=== Section Start ===
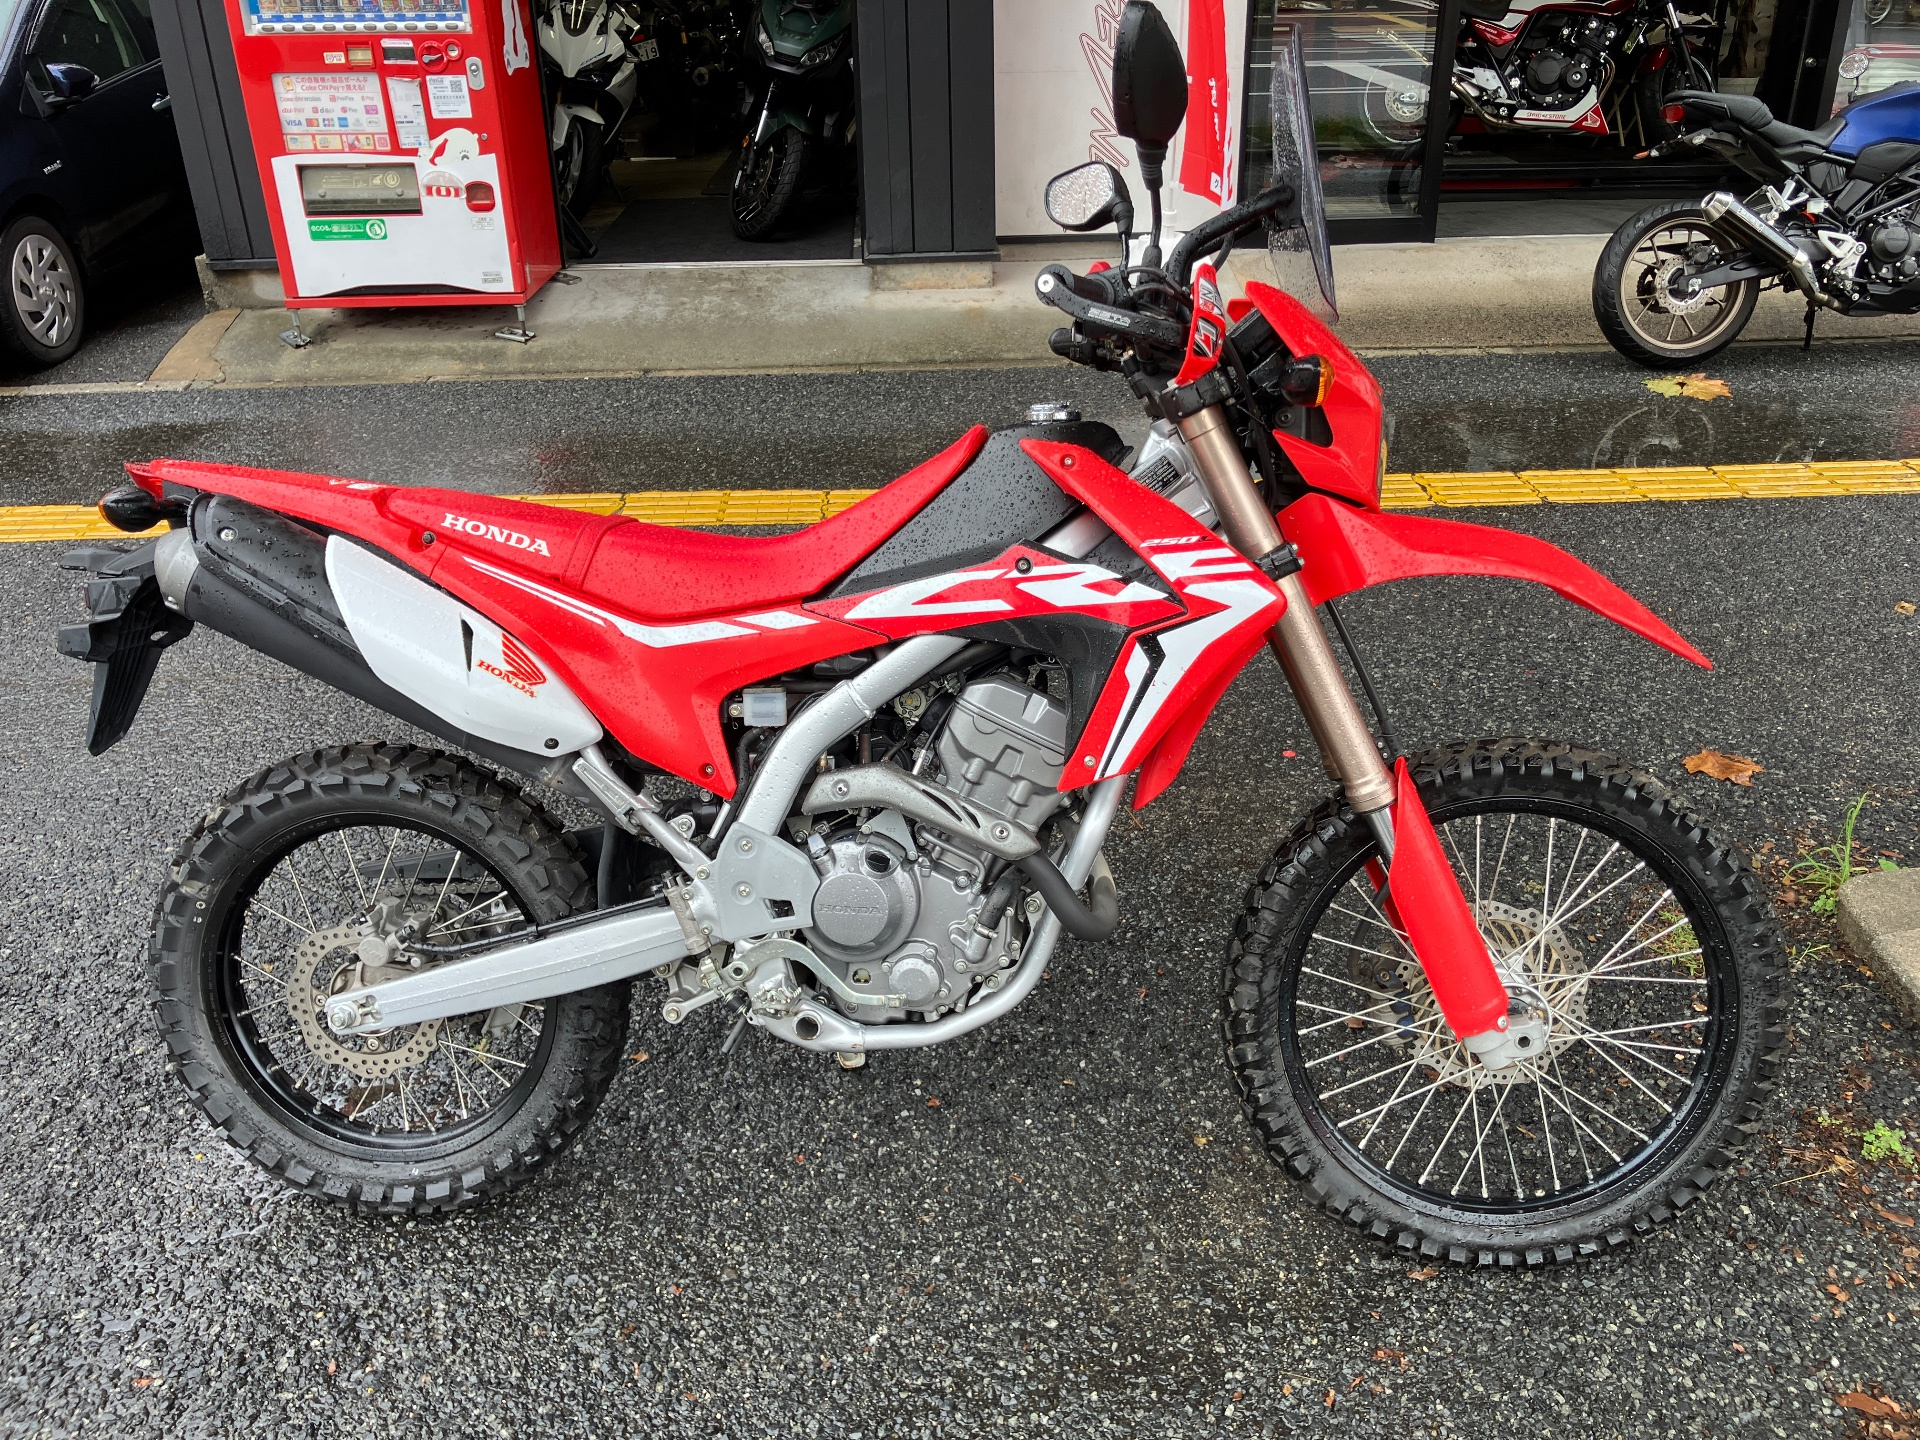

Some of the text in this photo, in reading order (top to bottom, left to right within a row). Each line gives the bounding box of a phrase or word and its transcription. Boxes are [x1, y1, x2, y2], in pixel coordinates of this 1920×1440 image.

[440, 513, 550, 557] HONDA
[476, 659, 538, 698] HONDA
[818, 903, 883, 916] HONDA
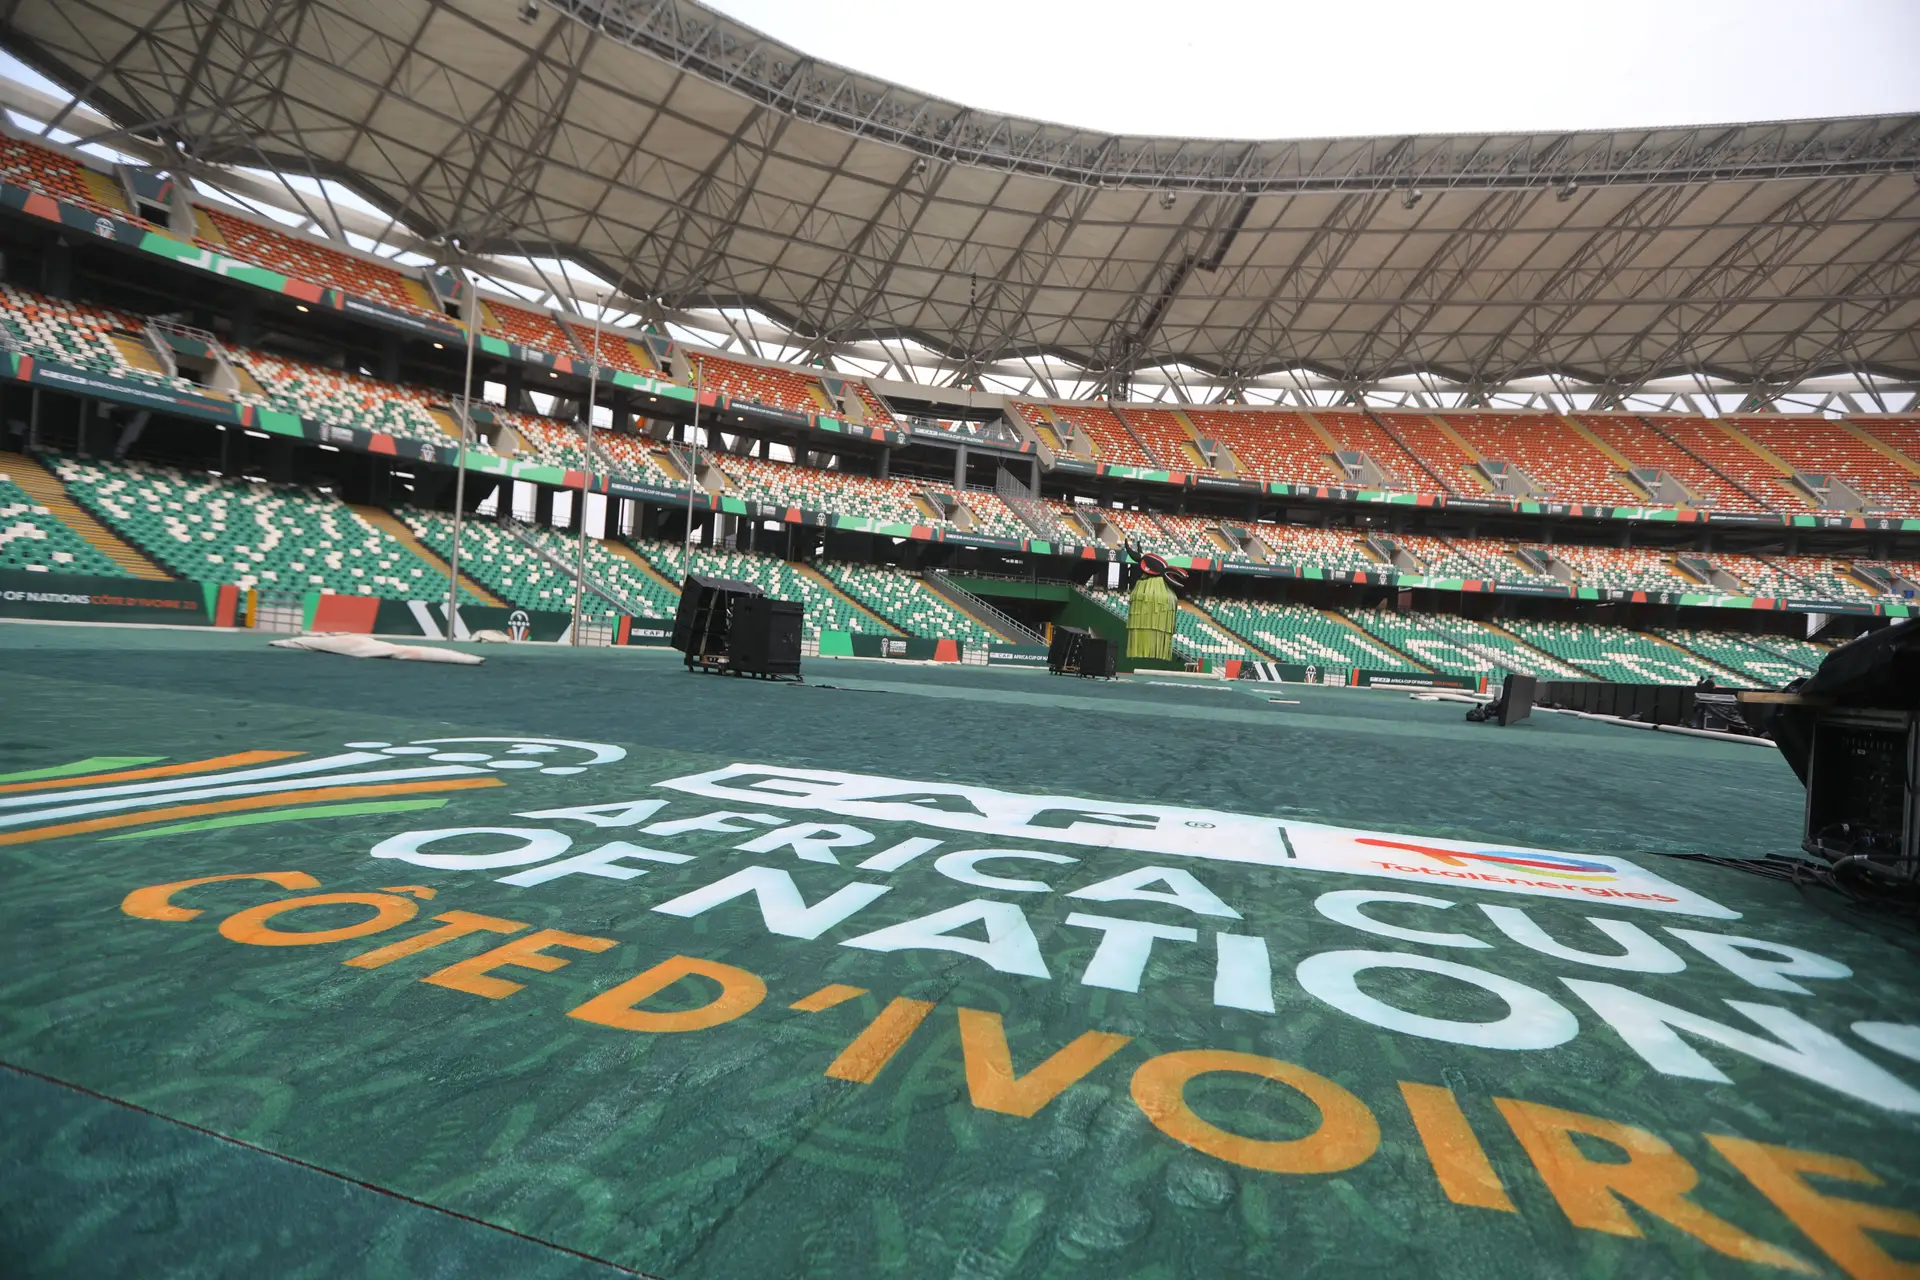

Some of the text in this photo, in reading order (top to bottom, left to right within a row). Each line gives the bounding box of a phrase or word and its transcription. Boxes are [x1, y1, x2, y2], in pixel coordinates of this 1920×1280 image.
=== Section End ===
• EXERCISE DETAILS
From the first line to the last, repeat the records exactly. Leave out the pictures.

• RESPONSE TO THE TASK
Some of the text in this photo, in reading order (top to bottom, left to right within a row). Each line gives the bounding box of a phrase or word and its transcription. Boxes are [x1, y1, x2, y2], in pixel coordinates of this 1920×1440 image.

[440, 513, 550, 557] HONDA
[476, 659, 538, 698] HONDA
[818, 903, 883, 916] HONDA

Some of the text in this photo, in reading order (top to bottom, left to right within a row). Each line gives the bounding box of a phrase or word and its transcription. Boxes are [x1, y1, x2, y2], in pixel coordinates of this 1920×1280 image.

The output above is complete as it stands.